Aleksandr Nikulin

Personal information
- Full name: Aleksandr Yevgenyevich Nikulin
- Date of birth: 19 January 1985 (age 40)
- Height: 1.81 m (5 ft 11+1⁄2 in)
- Position: Forward

Senior career*
- Years: Team / Apps / (Gls)
- 2002–2004: FC Zenit-2 St. Petersburg / 77 / (23)
- 2005: FC Lokomotiv St. Petersburg (amateur)
- 2005: FC Petrotrest St. Petersburg / 15 / (1)
- 2006–2008: FC Zimbru Chişinău / 12 / (1)
- 2009: FC Smena-Zenit St.
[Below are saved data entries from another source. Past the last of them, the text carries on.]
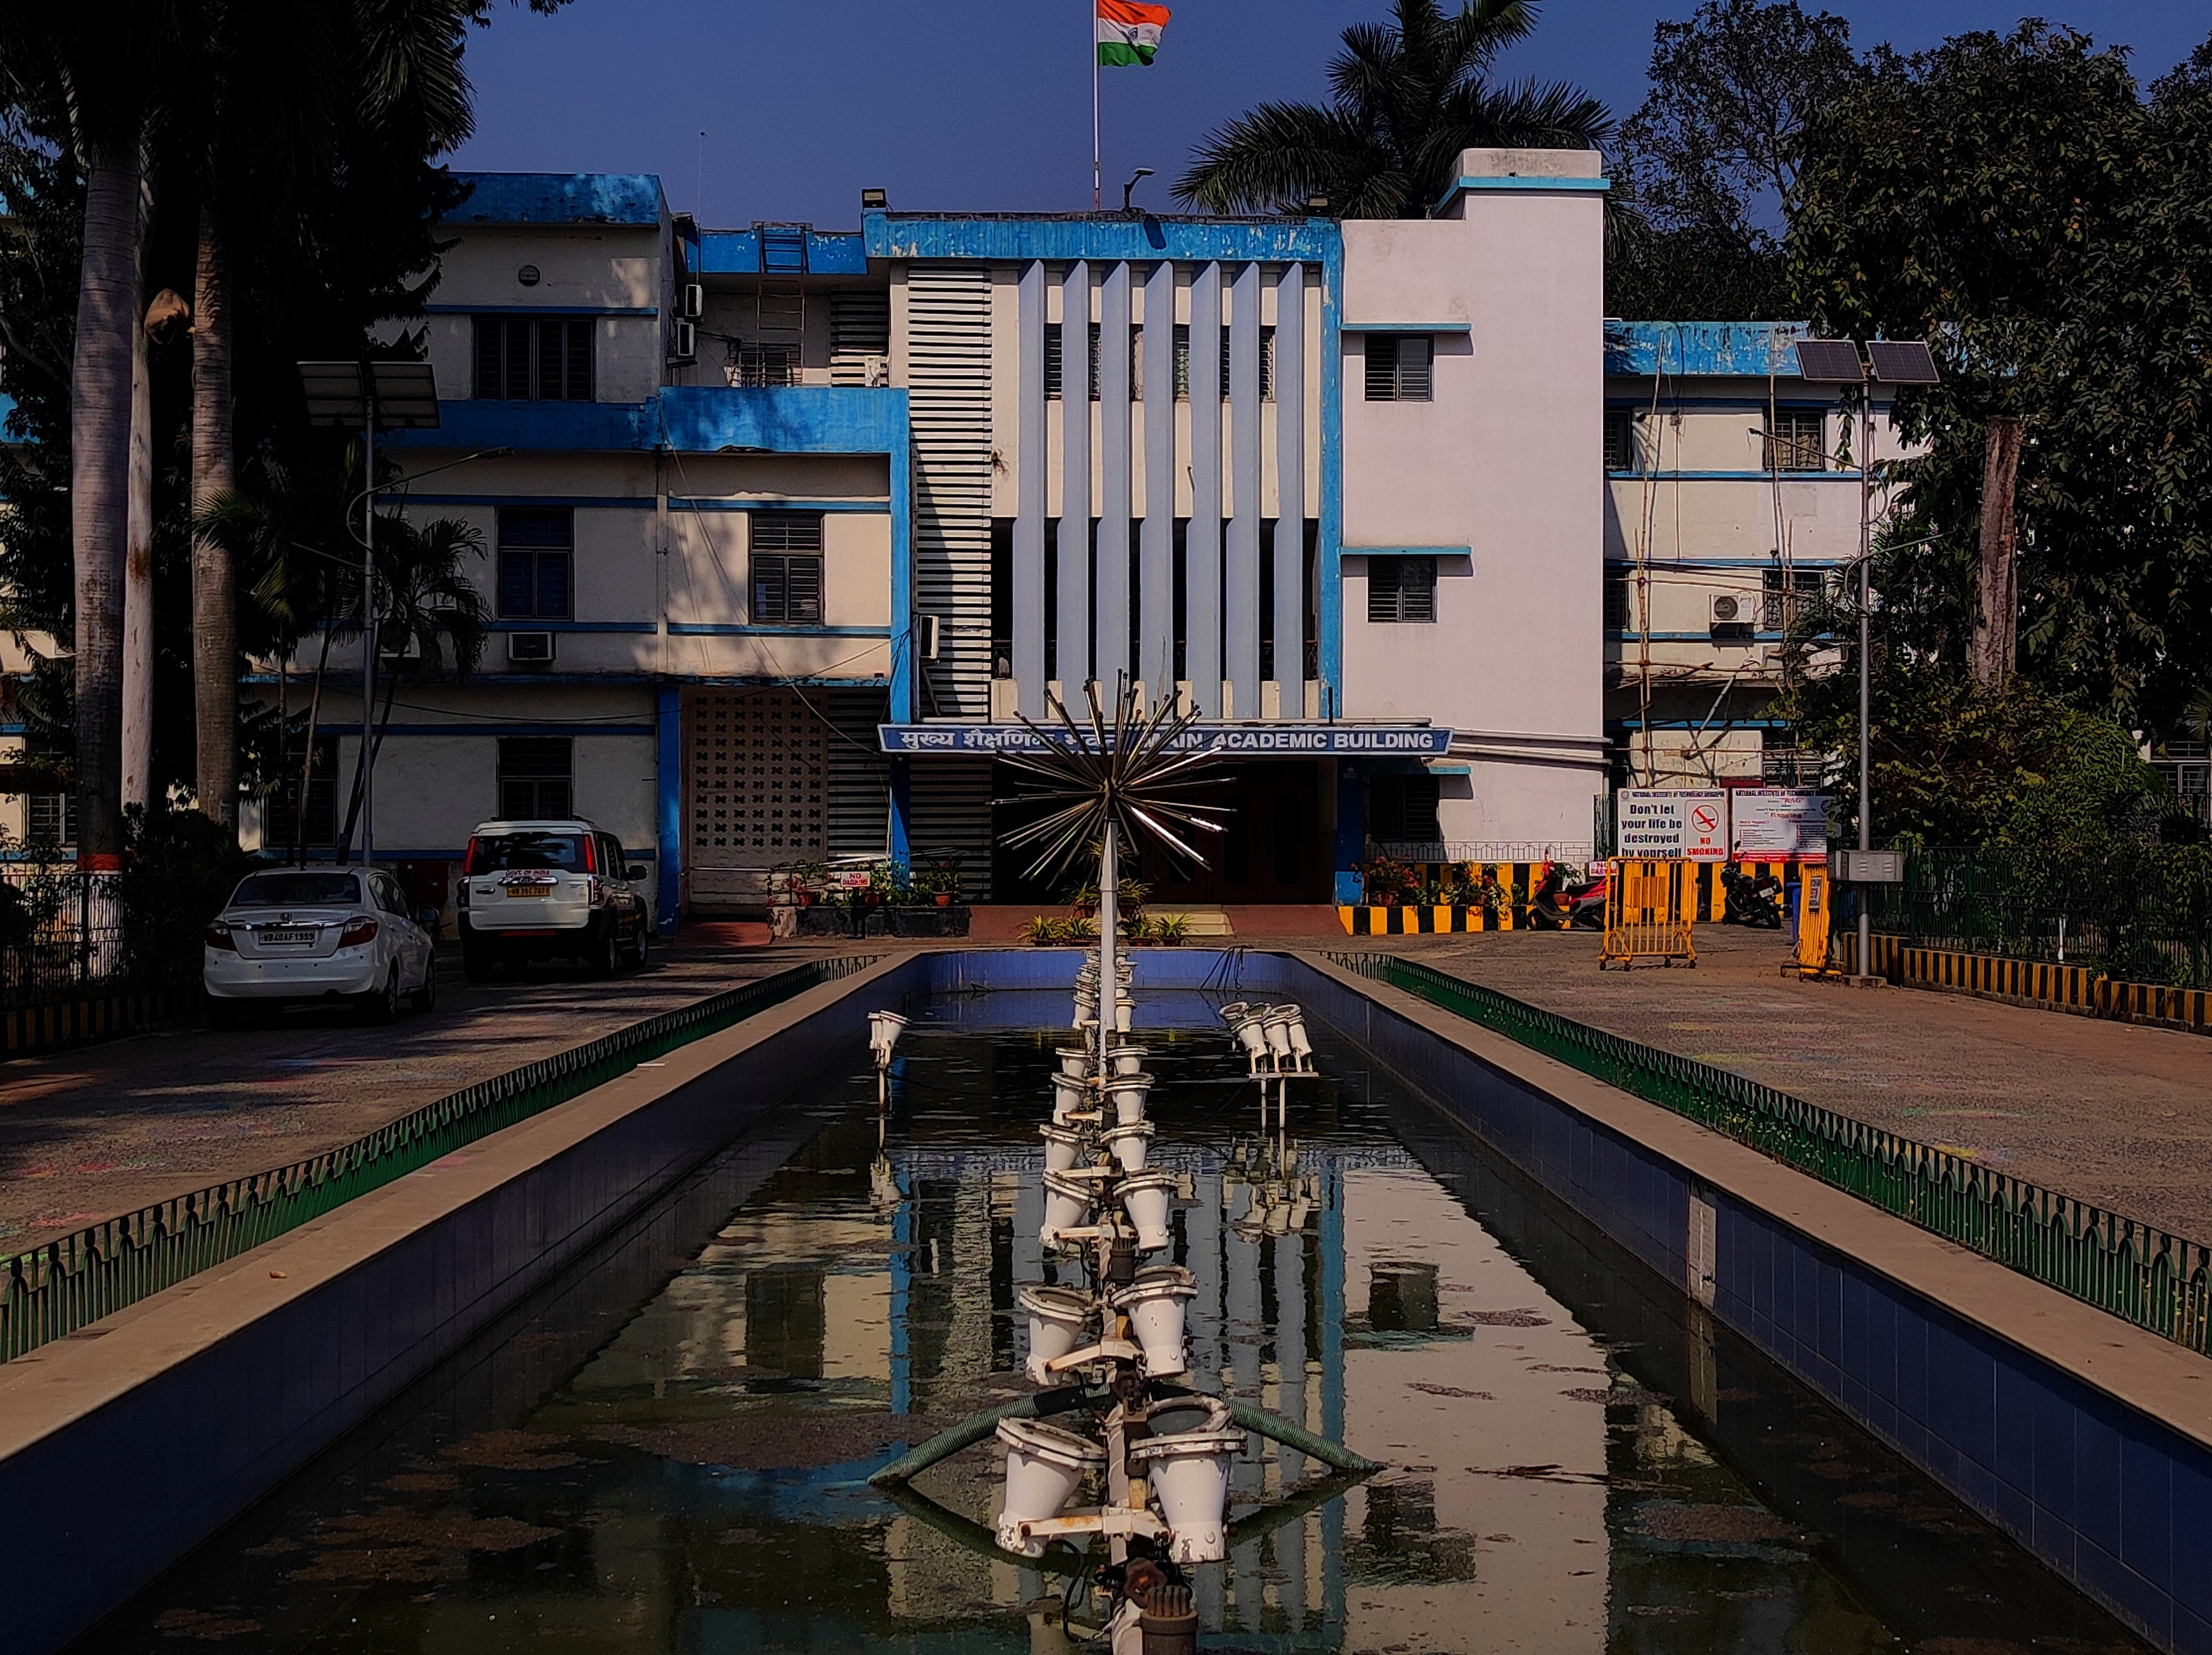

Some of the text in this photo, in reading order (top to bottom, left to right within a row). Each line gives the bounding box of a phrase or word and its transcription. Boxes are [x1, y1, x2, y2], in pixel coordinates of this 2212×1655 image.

[900, 732, 955, 749] मुख्य
[1210, 733, 1327, 748] ACADEMIC
[1333, 733, 1433, 748] BUILDING
[1630, 804, 1674, 814] Don't let
[1621, 818, 1682, 829] your life be
[1624, 834, 1679, 844] destroyed
[1700, 837, 1711, 845] NO
[1687, 847, 1724, 856] SMOKING
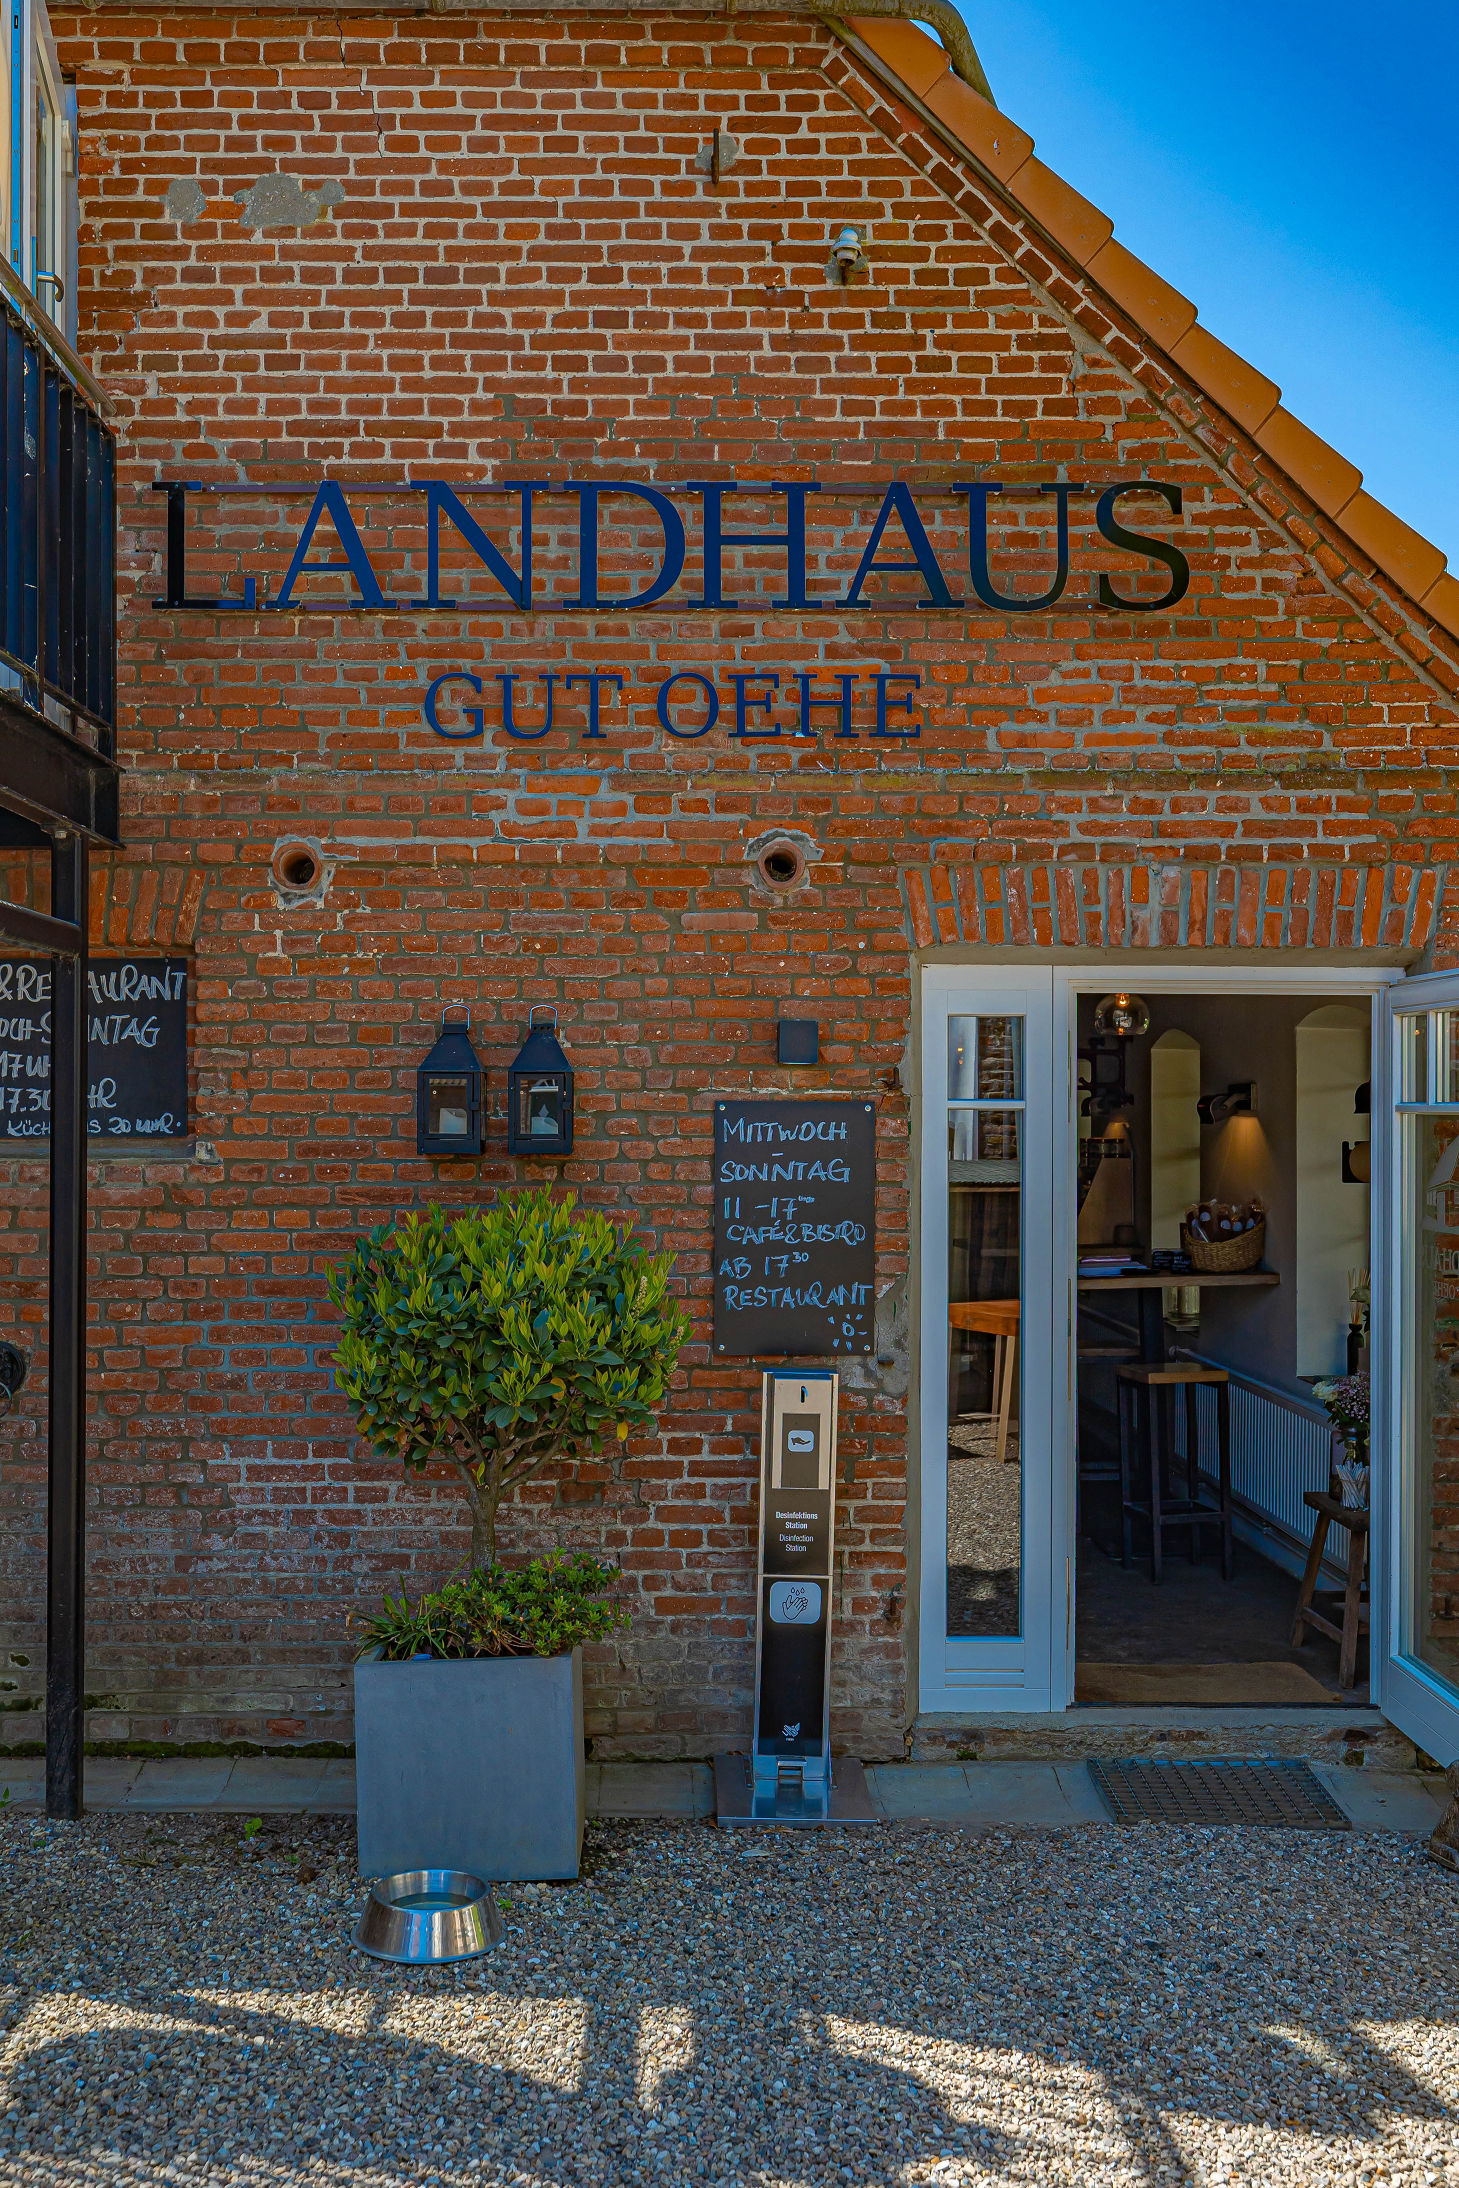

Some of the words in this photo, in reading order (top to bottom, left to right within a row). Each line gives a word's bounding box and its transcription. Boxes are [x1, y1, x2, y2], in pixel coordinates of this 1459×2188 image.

[152, 480, 1190, 612] LANDHAUS
[424, 672, 623, 740] GUT
[656, 672, 922, 740] OEHE
[723, 1117, 847, 1143] MITTWOCH
[720, 1158, 850, 1183] SONNTAG
[719, 1256, 752, 1280] AB
[723, 1281, 873, 1311] RESTAURANT
[775, 1511, 819, 1520] Desinfektions
[785, 1521, 808, 1529] Station
[779, 1533, 814, 1542] Disinfection
[785, 1543, 807, 1552] Station
Petersburg / 8 / (3)
- 2010–2011: JK Sillamäe Kalev / 48 / (15)
- 2014: Jõhvi FC Lokomotiv / 13 / (6)

= Aleksandr Nikulin (footballer, born 1985) =

Russian footballer

Aleksandr Yevgenyevich Nikulin (Александр Евгеньевич Никулин; born 19 January 1985) is a former Russian professional football player.

==Club career==
He made his Russian Football National League debut for FC Petrotrest St. Petersburg on 26 July 2005 in a game against FC Khimki.